**EXERCISE DESCRIPTION:**
From the line containing "Some of the text" onward, every line of the entries is to be set down exactly, the last line included.

BEGIN

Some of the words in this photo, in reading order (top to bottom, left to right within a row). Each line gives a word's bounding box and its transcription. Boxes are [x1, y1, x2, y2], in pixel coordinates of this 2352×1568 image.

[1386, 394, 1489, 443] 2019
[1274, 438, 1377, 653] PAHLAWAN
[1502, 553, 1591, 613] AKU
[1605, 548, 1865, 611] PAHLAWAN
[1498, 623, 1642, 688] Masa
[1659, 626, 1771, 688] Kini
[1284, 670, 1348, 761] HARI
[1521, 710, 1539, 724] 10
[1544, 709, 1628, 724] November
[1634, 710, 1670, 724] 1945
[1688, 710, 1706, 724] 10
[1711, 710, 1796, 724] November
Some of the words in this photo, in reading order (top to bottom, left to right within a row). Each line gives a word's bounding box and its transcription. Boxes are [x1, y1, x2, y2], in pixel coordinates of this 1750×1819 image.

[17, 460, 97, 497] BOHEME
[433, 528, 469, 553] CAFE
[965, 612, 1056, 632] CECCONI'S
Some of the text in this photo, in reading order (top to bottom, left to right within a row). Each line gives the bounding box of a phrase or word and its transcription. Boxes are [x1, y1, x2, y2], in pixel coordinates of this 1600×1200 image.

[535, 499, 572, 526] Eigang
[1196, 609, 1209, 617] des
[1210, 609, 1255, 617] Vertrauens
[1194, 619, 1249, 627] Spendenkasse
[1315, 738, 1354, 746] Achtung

END

**SOLUTION:**
Some of the text in this photo, in reading order (top to bottom, left to right within a row). Each line gives the bounding box of a phrase or word and its transcription. Boxes are [x1, y1, x2, y2], in pixel coordinates of this 1600×1200 image.

[535, 499, 572, 526] Eigang
[1196, 609, 1209, 617] des
[1210, 609, 1255, 617] Vertrauens
[1194, 619, 1249, 627] Spendenkasse
[1315, 738, 1354, 746] Achtung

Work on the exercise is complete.